The idea that "There is no need for his own inner thought process" of Ben seems very strange to me, I mean one of the key points of the script is that Snoke is a bit of a red herring and the focus is very clearly on Kylo. To have the motivation for Ben's turn to the darkside seems of great importance to me in that situation and it would as I mention also give a lot of potential to make Luke' sturning against him more effective.
It was rhetorical. I wasn't asking. The context was that I'm sharing information & very few actually show appreciation for it.Honestly if you asking me why people don't "acknowledge the things you show" is that they simply don't agree with the points you make and indeed that a lot of those points are IMHO strawmen looking to attack anyone who disagrees with you.

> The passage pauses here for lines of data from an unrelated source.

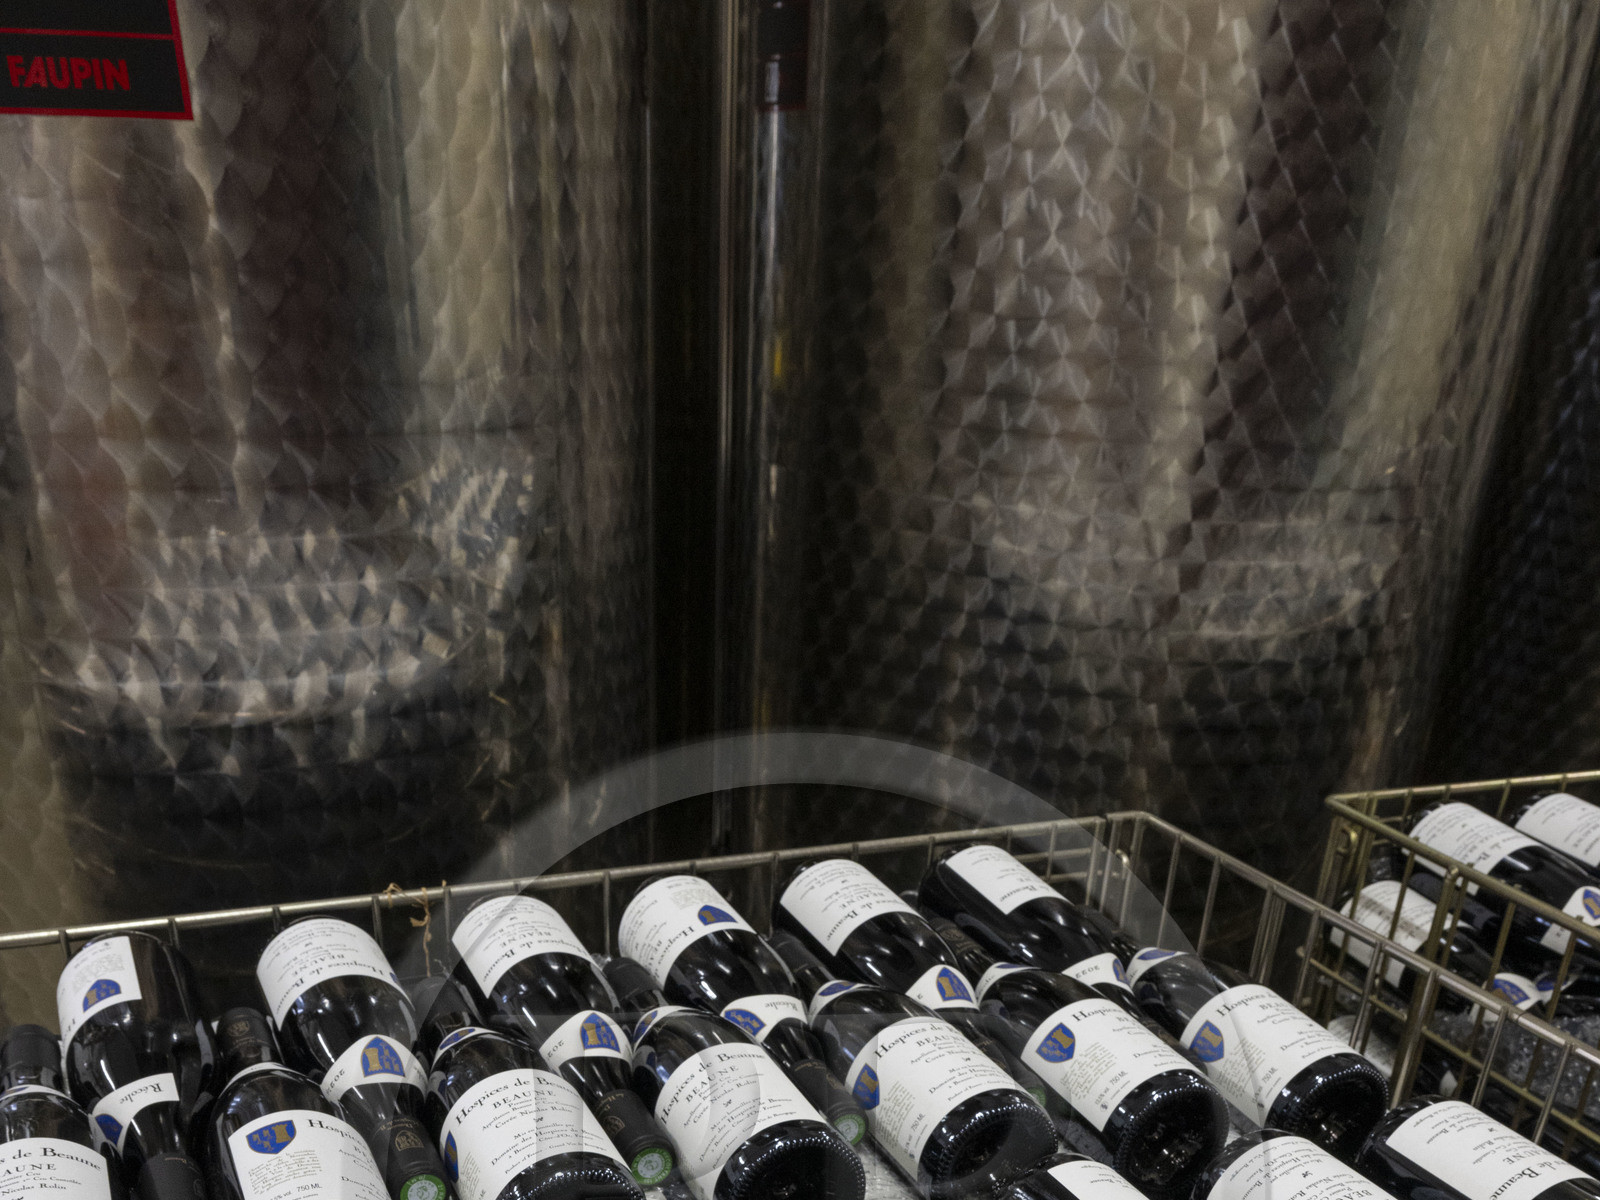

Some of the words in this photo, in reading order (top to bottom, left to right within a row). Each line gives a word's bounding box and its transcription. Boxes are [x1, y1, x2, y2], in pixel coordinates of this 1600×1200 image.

[7, 55, 130, 90] FAUPIN
[874, 1028, 927, 1059] Hospices
[120, 1081, 162, 1104] Récolte
[456, 1085, 509, 1125] Hospices
[514, 1078, 530, 1087] de
[492, 1090, 556, 1109] BEAUNE
[12, 1149, 32, 1160] de
[42, 1147, 101, 1170] Beaune

As for the point that the film is some kind of "reverse adaptation" well that seems like an arguement invented for this purpose that really doesnt stand up to much thought IMHO. I mean films adapted from books have been criticized for not standing on their own feet for decades so why would the reverse be any different?

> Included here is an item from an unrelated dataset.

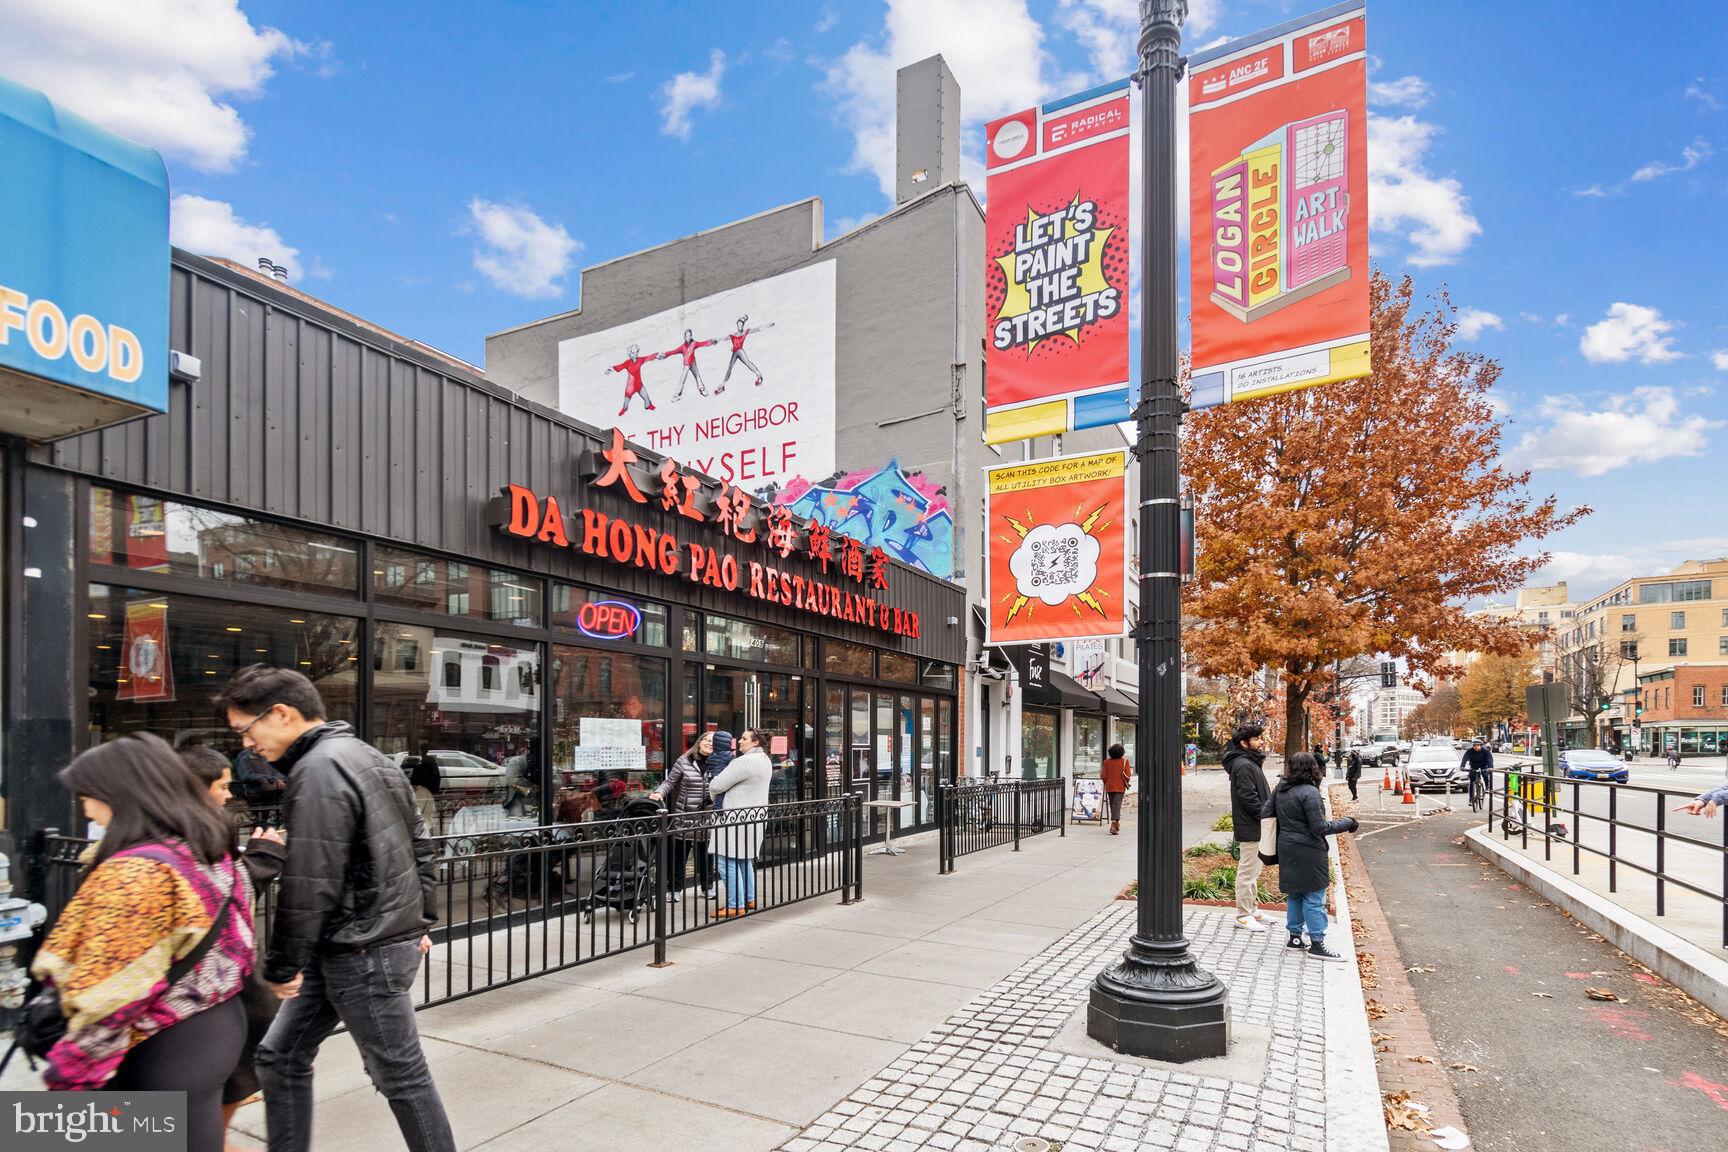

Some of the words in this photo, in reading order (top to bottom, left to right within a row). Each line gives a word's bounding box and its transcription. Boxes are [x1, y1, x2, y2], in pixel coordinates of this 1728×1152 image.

Luke "was" a hot head in the OT in ANH and ESB, which shows exactly my point that I think the sequels basically "reset" his and Han's characters, removed wisdom they gained though those films so they could replay the drama, something I would say is very disrespectful to the source material.
No idea what you're talking about here. I told you very clearly that I was still working on the rest of your reply when I sent you that one simple question. Here ya go... Just look up for all the responses you could ever wish for.Well observing something and getting a "feeling" from it doesnt seem that unreasonably to me but again really if you want to focus on semetics that up to you, I'v made my feeling about the scene pretty clear beyond that much you don't seem to care about responding to them.

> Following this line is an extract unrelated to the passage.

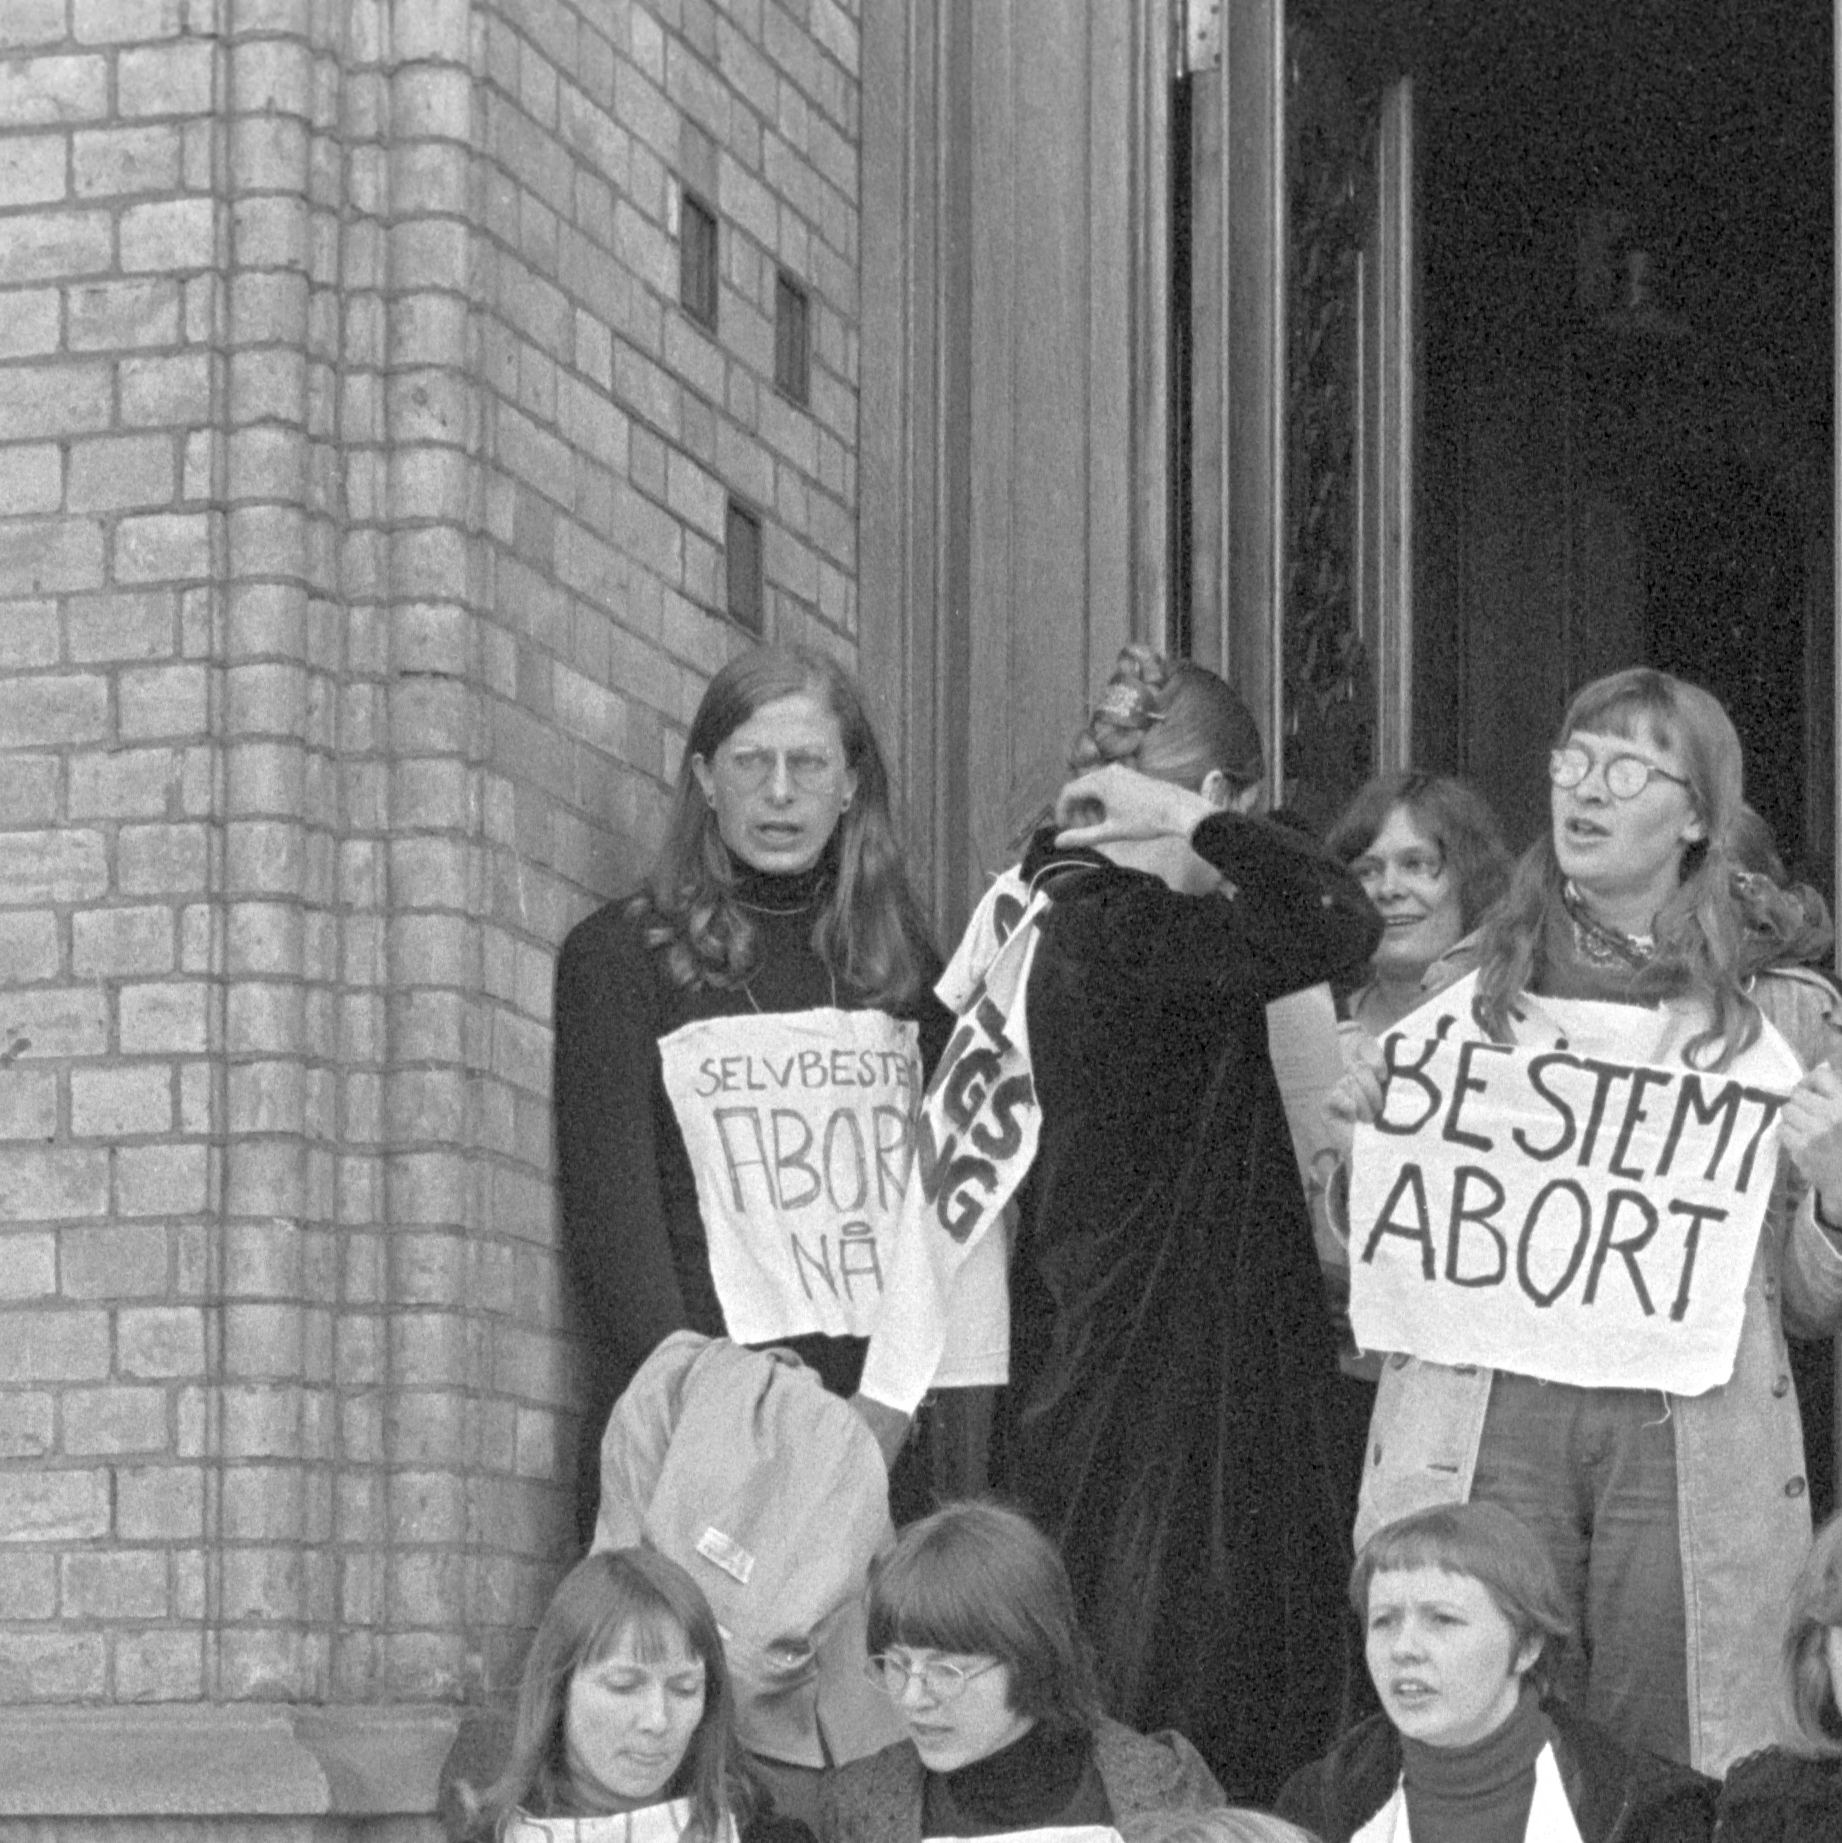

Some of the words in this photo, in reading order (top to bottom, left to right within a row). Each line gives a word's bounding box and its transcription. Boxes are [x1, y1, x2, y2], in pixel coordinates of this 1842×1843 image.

[1372, 1013, 1794, 1194] BESTEMT
[791, 1220, 885, 1302] NÅ
[1361, 1162, 1729, 1322] ABORT

The issue is though how much provocation Luke needed by the time of ROTJ to give in to anger and against who in what situation, we get an extended encounter with the Emperor and Vader, people who have committed terrible acts, the former is gloating over actually killing Lukes friends and the alliance whilst the latter attacks Luke and threatens his sister.
Compare that to a few lines about visions to justify seriously considering killing an innocent child in his sleep and I think its pretty hard to argue the two are anything close to the same.
I mean you see elsewhere in the film with the way Luke talks about himself and his image that Johnson either isnt aware or is just trying to ignore the shifts in the character across the OT, as with Han in TFA he's basically robbing a character of his gained wisdom so he can retell a similar kind of story that is what drives much of the talk of disrespect.
No I would argue this is one of the few areas(the arms dealer talk being the other) were the film does more clearly stray into politics rather than just tokenistic marketing.
I think we have a story that clearly presents Holdo as someone acting in an aloof fashion taking actions which seem very poorly advised and then a major plot point of the film is that these actions are actually revealed to be correct. The moral failing of Poe and co is presented as a failure to follow orders with some "mansplaining" gender politics mixed in.
That to be is totally against the kind of morality Starwars had always presented previously were personal moral responsibility is always held upmost, its even a major plot point in Rogue One the year before.
We don't get the story of Poe and co morally evolving, there not presented as failing due to moral flaws in the way they act but simply by not following authority, basically saying you can;t trust yourself you just need to follow orders.
God knows what the idea behind the whole anti violence plot around Poe was, that made no sense at all with people who'd ordered military action that had cost lives suddenly desiding it was wrong.